2025.12.29
12月28日、東京体育館で「SoftBank ウインターカップ2025 令和7年度 第78回全国高等学校バスケットボール選手権大会」の女子決勝が開催。大阪薫英女学院高校(大阪府)が、インターハイ王者の桜花学園高校(愛知県)を破り、ウインターカップ初優勝を果たした。決勝までにインターハイ準優勝の日本航空北海道高校、ウインターカップ3連覇中の京都精華学園高校も連破し、まさに”真の日本一”を手にした。
前半は激しい点の取り合いが続く中、スピードを活かしたドライブで得点を重ねる桜花学園に押され、一時は2ケタのビハインドも追った大阪薫英。なんとか1ケタの点差に抑えて迎えた後半、ゾーンディフェンスに切り替えたことが功を奏し、後半の失点をわずか17点に留めてみせた。

[写真]=伊藤大允
初優勝の歓喜も冷めやらないまま取材に応えた安藤香織コーチはその采配について「このままマンツーマンで行ってもズルズルすると思ったら、本当にギャンブルじゃないですけど、何かを変えないと」、そんな思いで指示を出したという。
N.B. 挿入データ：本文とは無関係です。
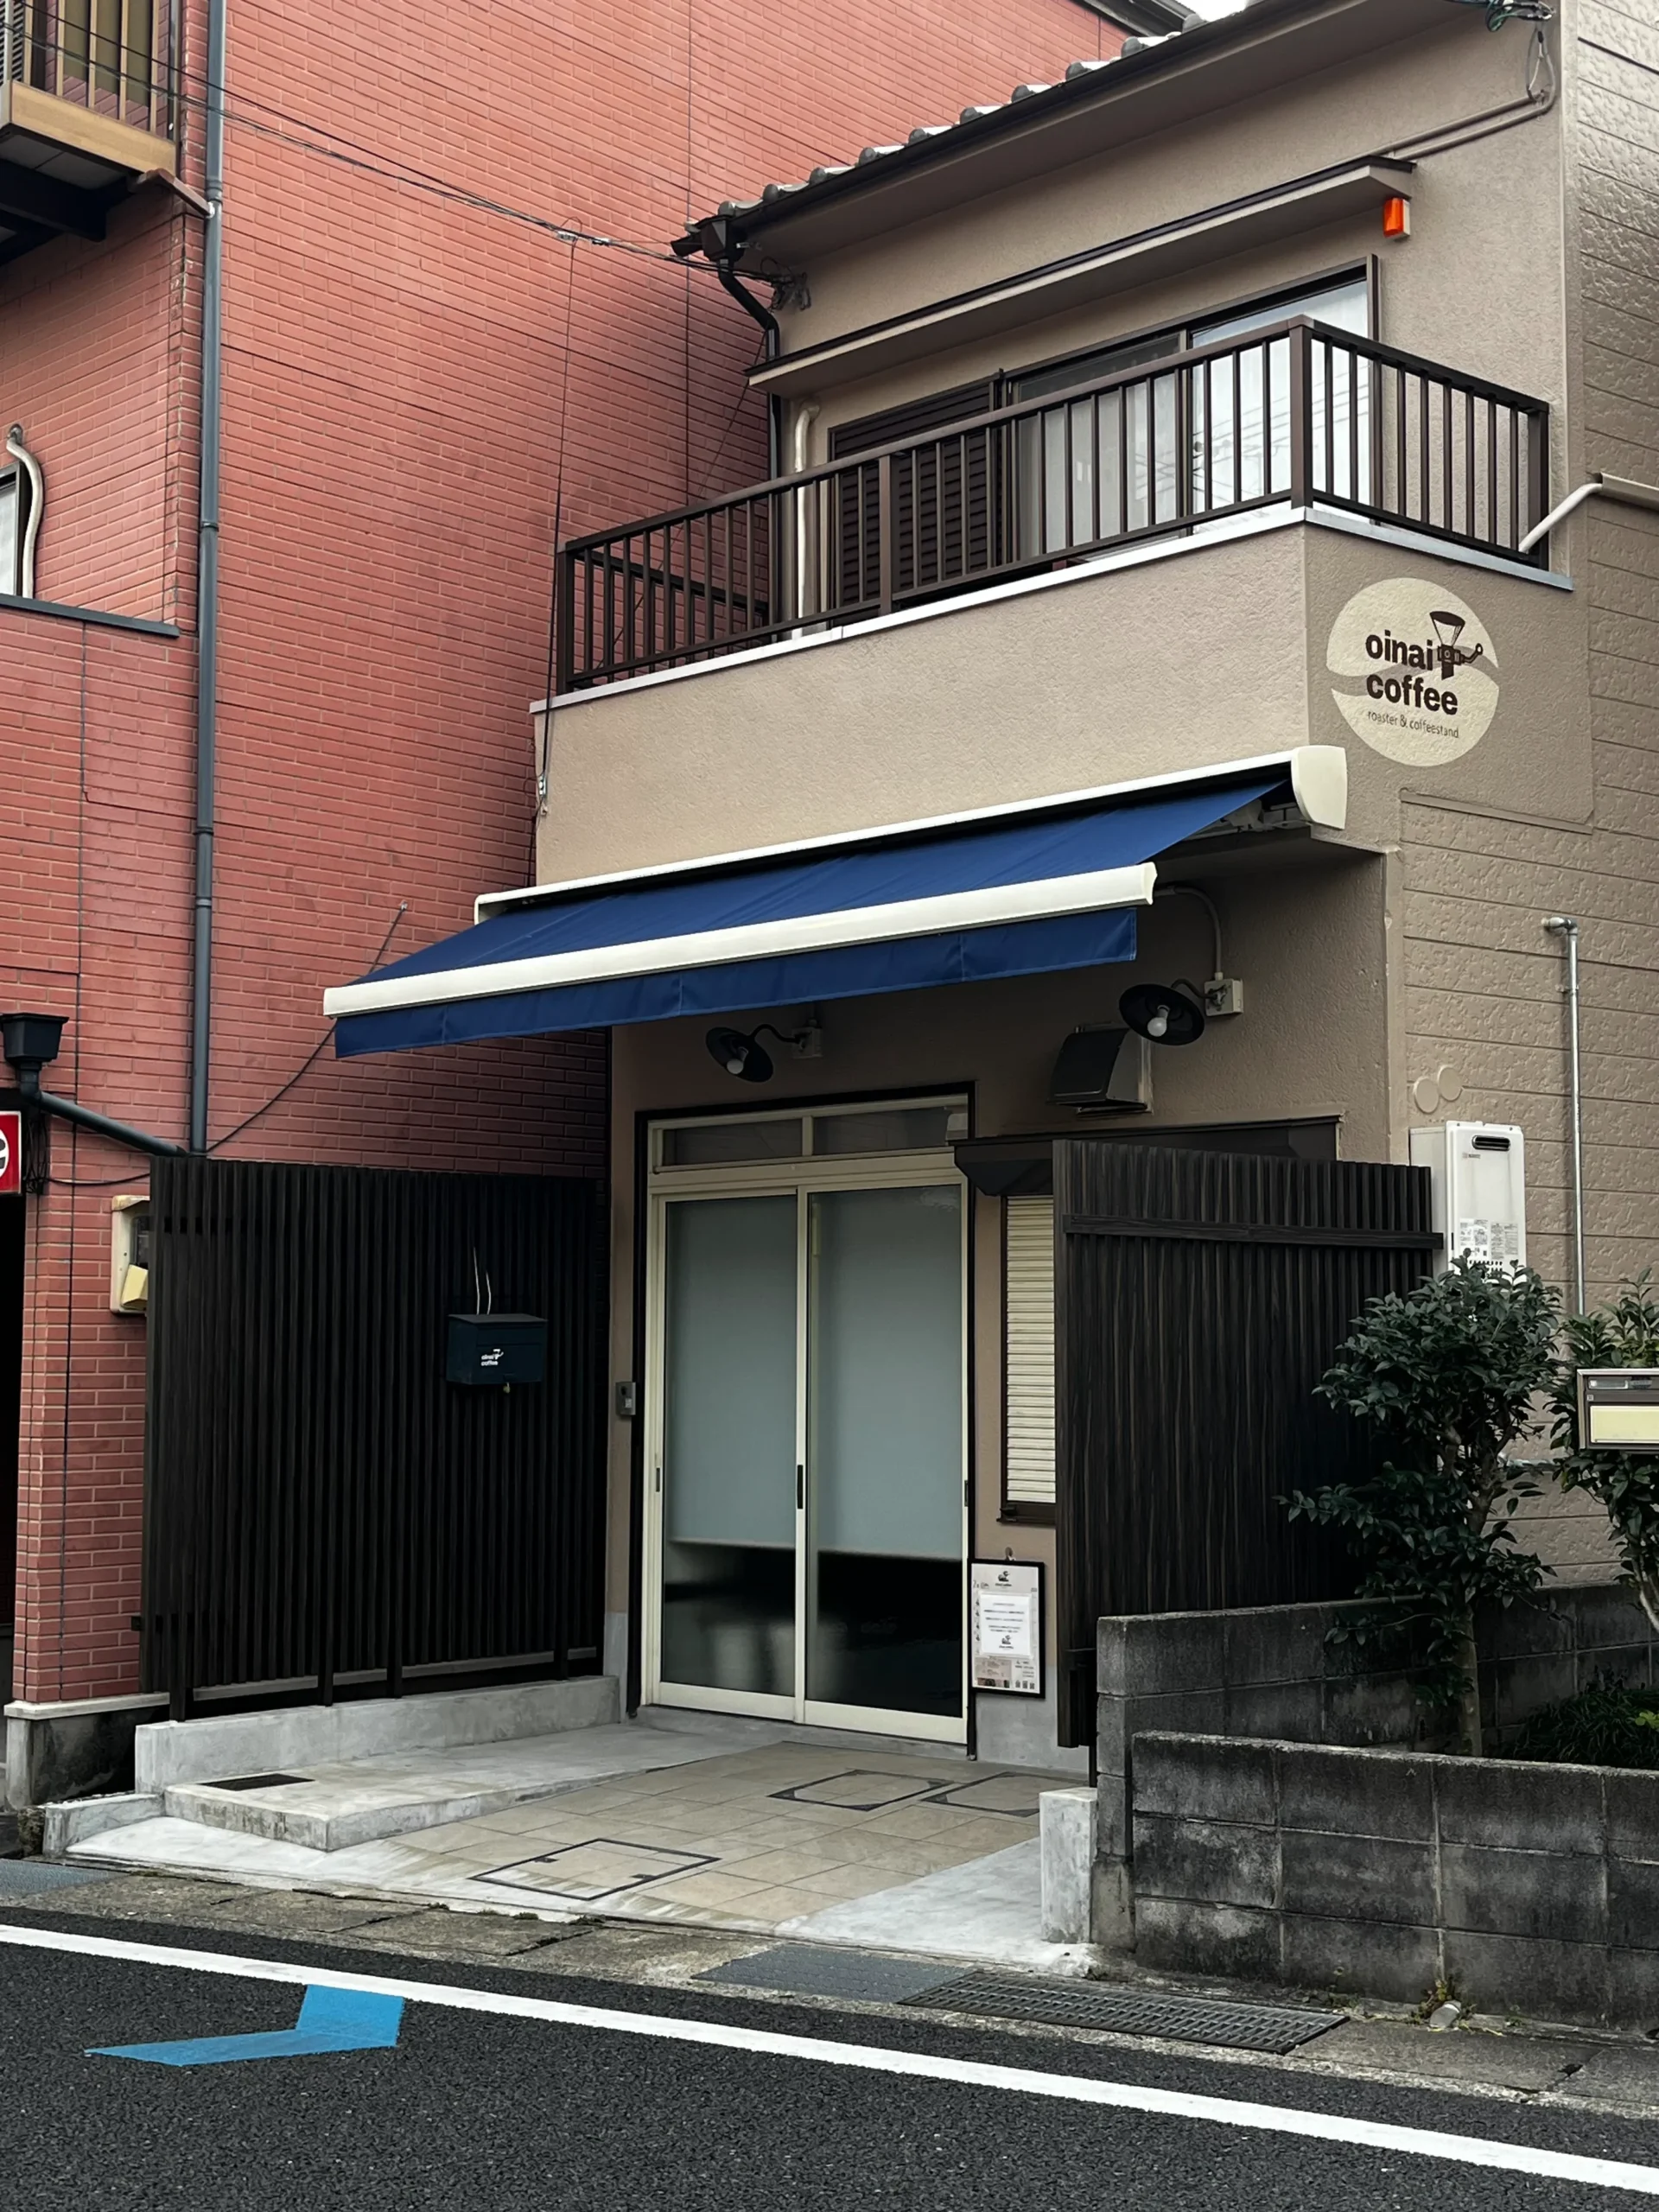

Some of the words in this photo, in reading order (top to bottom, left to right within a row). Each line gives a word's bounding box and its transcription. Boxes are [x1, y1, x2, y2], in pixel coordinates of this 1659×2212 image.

[1365, 629, 1433, 671] oinai
[1366, 674, 1458, 715] coffee
[1368, 710, 1398, 727] roaster
[1400, 714, 1408, 728] &
[1409, 719, 1459, 738] coffeestand
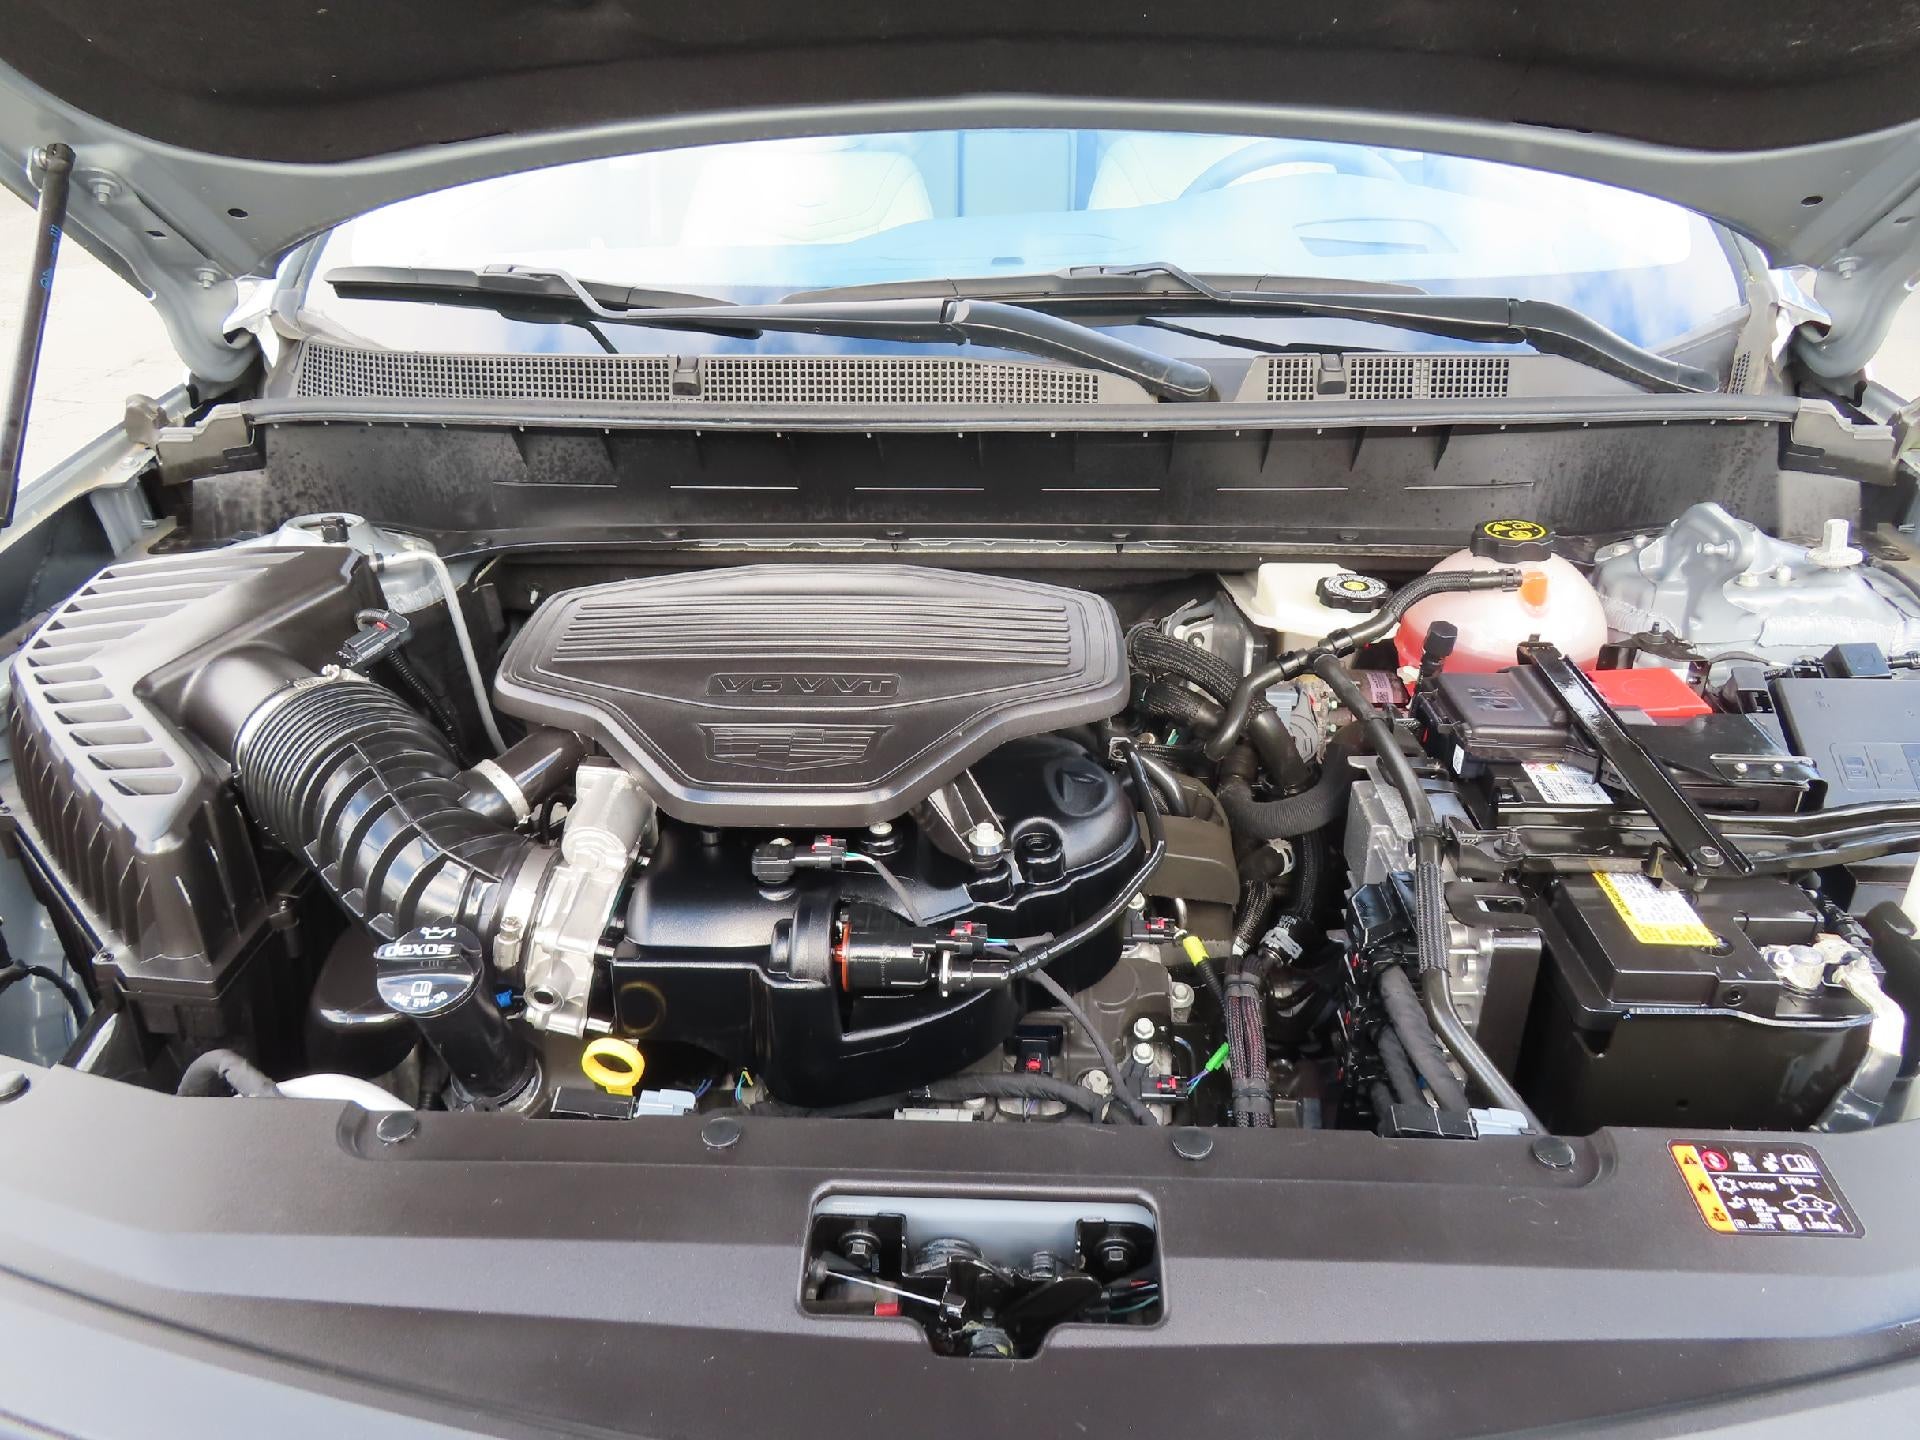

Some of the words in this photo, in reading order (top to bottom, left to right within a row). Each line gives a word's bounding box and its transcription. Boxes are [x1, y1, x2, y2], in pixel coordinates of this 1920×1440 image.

[717, 676, 783, 693] V6
[793, 676, 892, 693] VVT
[384, 942, 455, 958] dexos
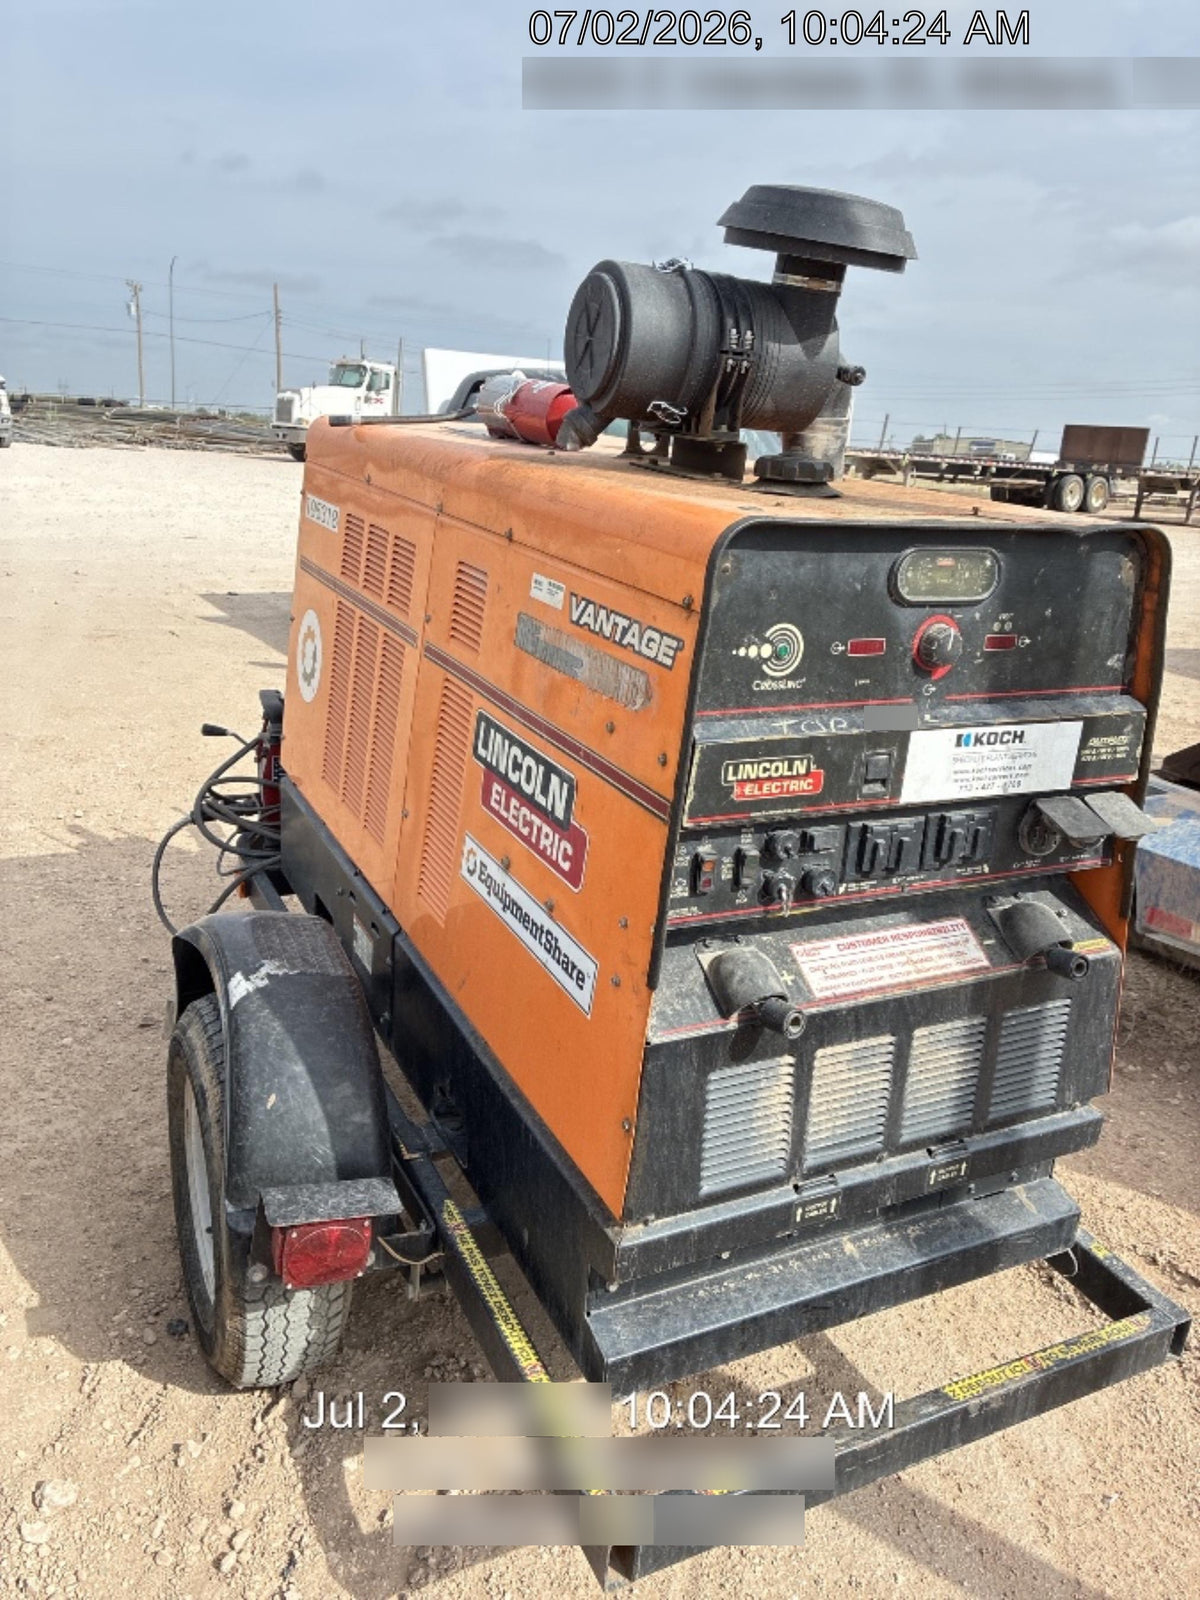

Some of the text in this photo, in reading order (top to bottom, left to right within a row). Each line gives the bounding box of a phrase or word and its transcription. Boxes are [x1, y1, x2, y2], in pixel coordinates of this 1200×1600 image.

[570, 594, 679, 667] VANTAGE
[478, 721, 568, 820] LINCOLN
[726, 759, 809, 781] LINCOLN
[972, 730, 1025, 747] KOCH
[743, 778, 813, 796] ELECTRIC
[490, 783, 573, 871] ELECTRIC
[478, 859, 586, 990] EquipmentShare
「自分たちが仕掛けるんだっていう気持ちを持つことで、あまり余計なことをごちゃごちゃ考えないようにしたかった」と説明した。
脳科学が好きで、そういったアプローチも行うという大阪薫英の指揮官。「結果を意識すると、勝手に脳の血流も減少して消極的になる」。本で得た知識を活かし、”楽しむ”を今年のテーマとしてきた。真面目故に固くなってしまいがちな選手たちの緊張をほぐすために「もう楽しもうぜと。勝とうじゃなくて。いつも勝ちたいと思って失速するので(笑)。最後はもう負けてもいいから楽しもうっていう方に持っていったっていう感じです」と、笑顔とともに振り返っている。
その言葉通りプレッシャーのかかる決勝の舞台でも、大阪薫英の選手たちはお互いに笑顔で声を掛け合い勝利を掴んだ。この”楽しむ”のはコートの上でだけではなく、「ハロウィンもするし、クリスマスもするし、豆まきもやるし。ポッキーの日もやるんで。多分、全部の行事、お花見もするしスイカ割りもするし、多分全部の行事をやってると思うんですよ。で、学校の行事も楽しむし、修学旅行も遠足も、むちゃくちゃいつも楽しむので」と、何事も全力で楽しんでいる学校生活の様子を明かした。

[写真]=伊藤大允
満面の笑顔とともに高校バスケ”真の日本一”ともいえるウインターカップ優勝を果たした大阪薫英だが、来る冬に備えた腕試しとも言える『U18日清食品トップリーグ』への出場を逃していた。『U18日清食品ブロックリーグ』では7戦中4戦で100点ゲームを展開し全勝優勝。全国トップレベルとの実力差がわからない不安もある中で、大阪薫英の併設校でもあり、関西1位でインカレにも出場した大阪人間科学大学と頻繁に合同練習を行った。「いつも結構かなりやられるんですけれども、今年は結構勝ったり負けたりというようなところもあったので、力がないとは思ってなかった」と、同じく日本一を目指す大学生との研鑽が自信に繋がっていた様子。
大阪薫英でのコーチに就任して11年目。留学生のいないチームを全国制覇に導いた安藤コーチだが、前任の公立高校を「170センチ台がいないっていうメンバーで戦ってた」と回顧。練習時間も限られる中で「効率の良い練習」を意識し、そんな経験が今に活きていると語る。
「薫英を倒したいと思って頑張ってきて。前監督の長渡(俊一)先生にお声掛けいただき、妥倒・薫英から日本一という風に目標を変えて、本当に、薫英の日本一を目指している素晴らしい選手たちとここまで歩んできました」
留学生のいないチーム、立ちふさがる強豪校をなぎ倒し、初の優勝を手にした。間違いなく今大会の”主人公”と言える大阪薫英を率いた安藤コーチは、これからもきっと壮大な物語を紡いでいくに違いない。